According to the World Food Program, food security is achieved when people have reliable access to sufficient, nutritious food. That might seem simple enough, but for decades, food security has meant emergency grain shipments in the 57-member Organisation of Islamic Cooperation (OIC).

Today, with climate shocks, volatile markets, and rising populations, it has become an even more pressing issue, making urgent investment essential.

The Global Food Security Index 2022 ranks most OIC states as "weak" or "very weak." While countries such as Bahrain, the UAE, and Uzbekistan are outliers with their progress, conditions have deteriorated at the other end in countries such as Somalia, Sudan, Syria, and Yemen between 2020 and 2022.

The FAO classifies 26 OIC countries as low-income food deficit states, and 22 require external assistance. Between 2020 and 2022, an average of 45% of the OIC's population faced moderate or severe food insecurity, with nearly half of the world's food crises occurring in OIC states.
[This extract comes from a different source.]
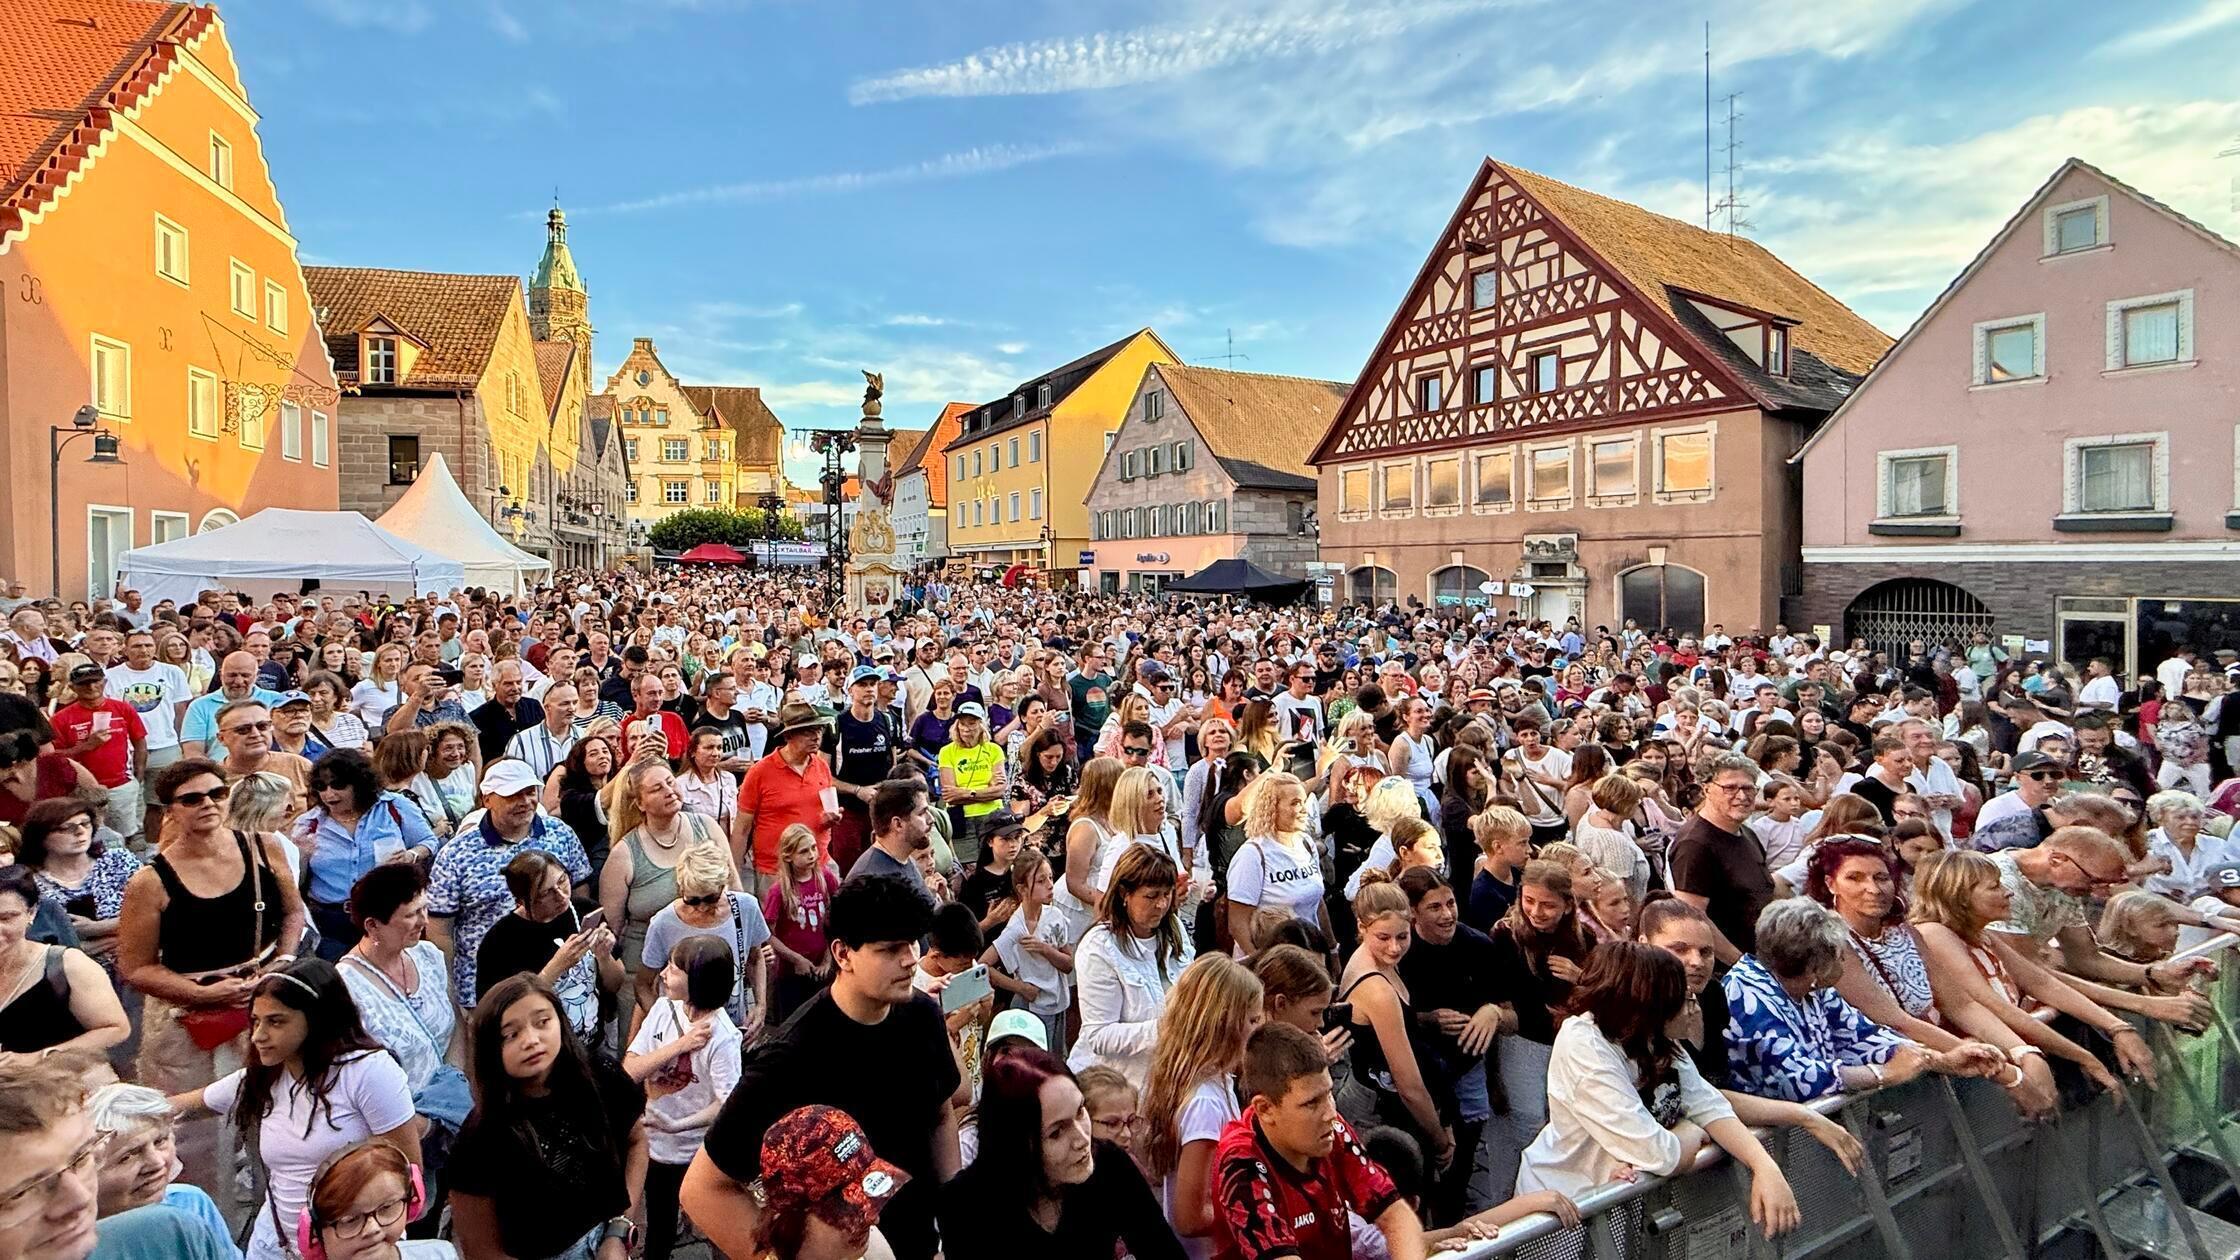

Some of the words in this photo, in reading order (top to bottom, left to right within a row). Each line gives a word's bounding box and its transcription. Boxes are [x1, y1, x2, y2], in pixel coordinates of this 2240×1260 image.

[1269, 868, 1301, 884] LOOK
[1301, 863, 1319, 879] BUS
[1294, 1211, 1315, 1229] JAKO
Fragile systems on the brink of collapse
According to SESRIC's 2023 report, agriculture still provides livelihoods for millions and contributes more than 25% of GDP in 11 OIC member countries. But the region remains a net importer. In 2021, imports reached $292.9 billion, far outpacing exports at $188 billion, even as intra-OIC trade grew 85%.

The four pillars of food security reveal how exposed the region is. Domestic production has declined in many places, leaving states like Saudi Arabia, the UAE, and Jordan importing more than 90% of their cereals. Access to food is deeply uneven: food is affordable in the Gulf, but in sub-Saharan Africa, households spend more than their GDP-equivalent income on food, leaving them reliant on aid. 
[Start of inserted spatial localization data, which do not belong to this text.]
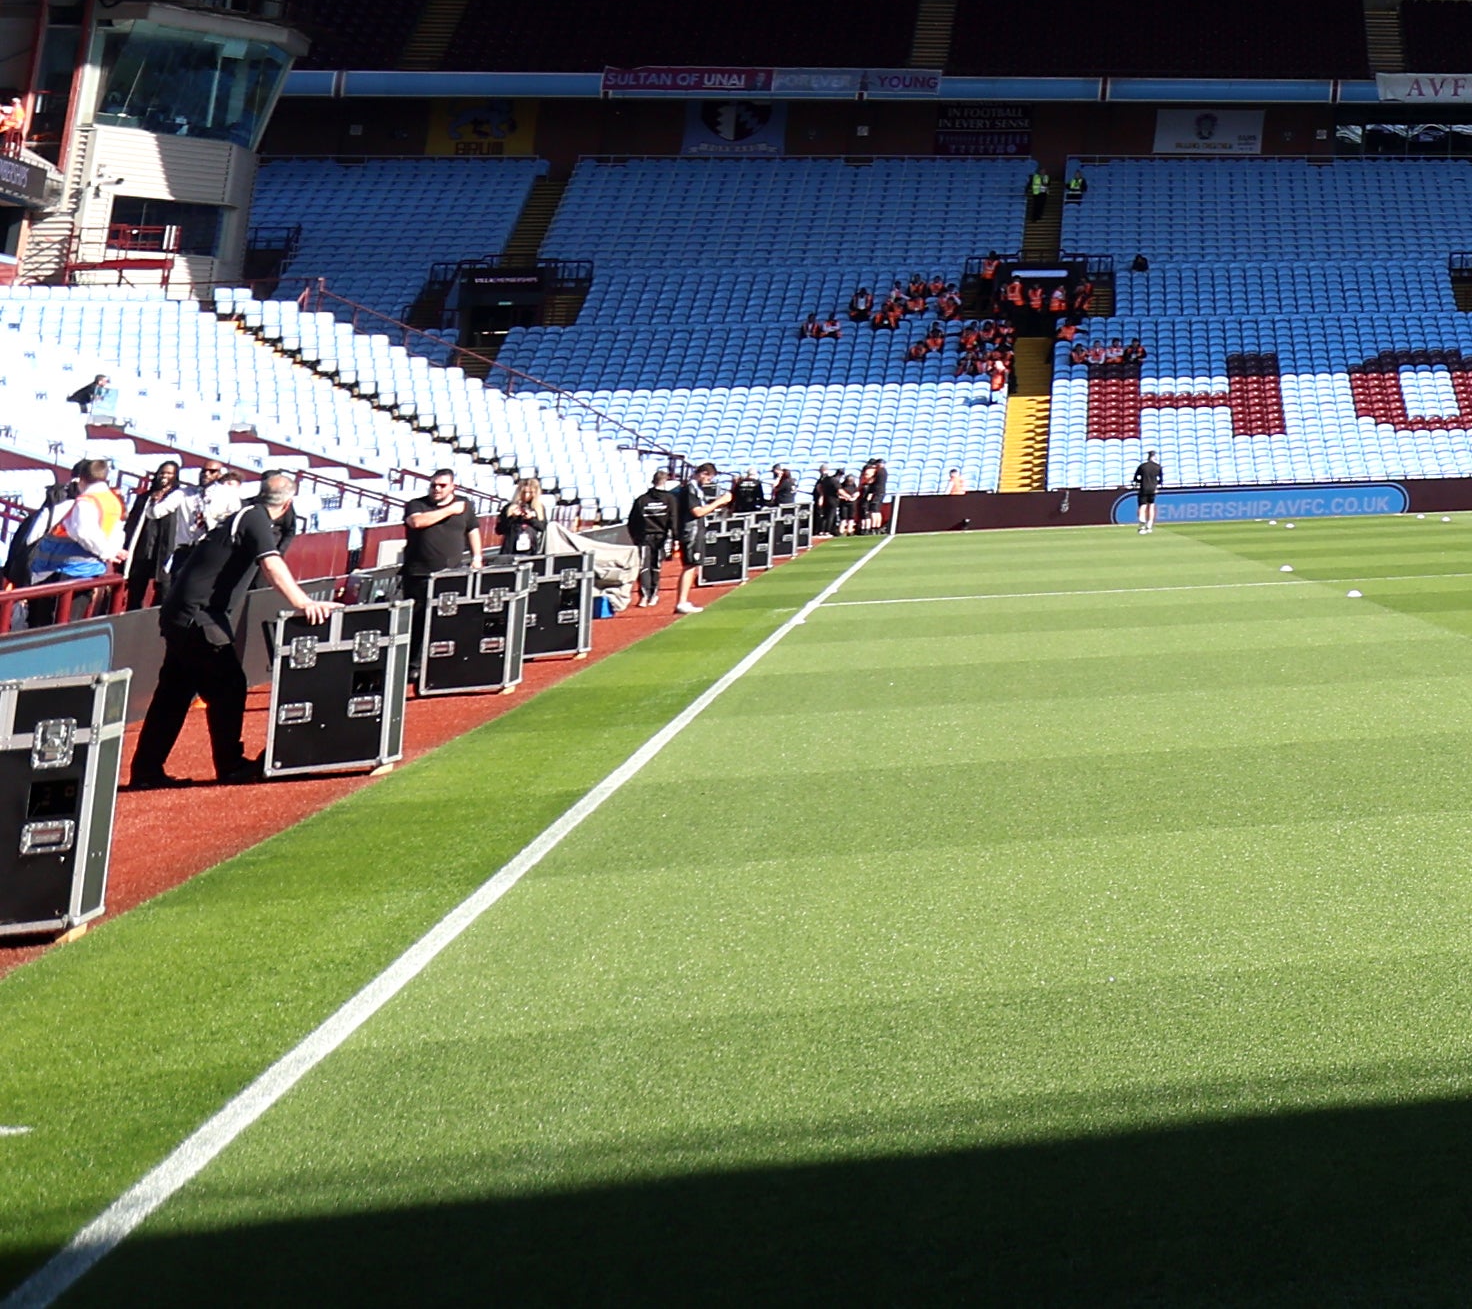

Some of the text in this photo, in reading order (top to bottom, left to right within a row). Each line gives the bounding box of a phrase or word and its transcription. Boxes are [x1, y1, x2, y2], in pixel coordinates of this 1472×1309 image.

[605, 72, 746, 87] SULTAN OF UNAI
[877, 75, 939, 89] YOUNG
[963, 107, 1024, 118] FOOTBALL
[938, 118, 1030, 128] IN EVERY SENSE
[1155, 495, 1390, 521] EMBERSHIP.AVFC.CO.UK
Malnutrition is entrenched, with nearly one in five children stunted, especially in Niger and Libya, where poor sanitation compounds the crisis. Stability is the weakest pillar: wars, droughts, floods, pandemics, and market shocks repeatedly push communities to the brink. In 2022, 172,000 people in OIC states were classified as facing famine, with millions more in emergency hunger.

Financing gaps in the agriculture chain
Agriculture in OIC countries remains severely underfinanced, receiving less than 5% of total credit. Only about 39% of farmers have access to finance or insurance, leaving smallholders vulnerable to shocks.

Some relief has come from multilateral financing. The Islamic Development Bank (IsDB) has committed $8 billion through its Food Security Response Program, while its trade finance arm, ITFC, channelled $1.75 billion into food and agriculture in 2024. But more is needed.

Sporadic investment responses
Before examining each country's investments, it's important to acknowledge that food security is a complex and vast area that translates to different areas of concern depending on each country's topography and specific requirements.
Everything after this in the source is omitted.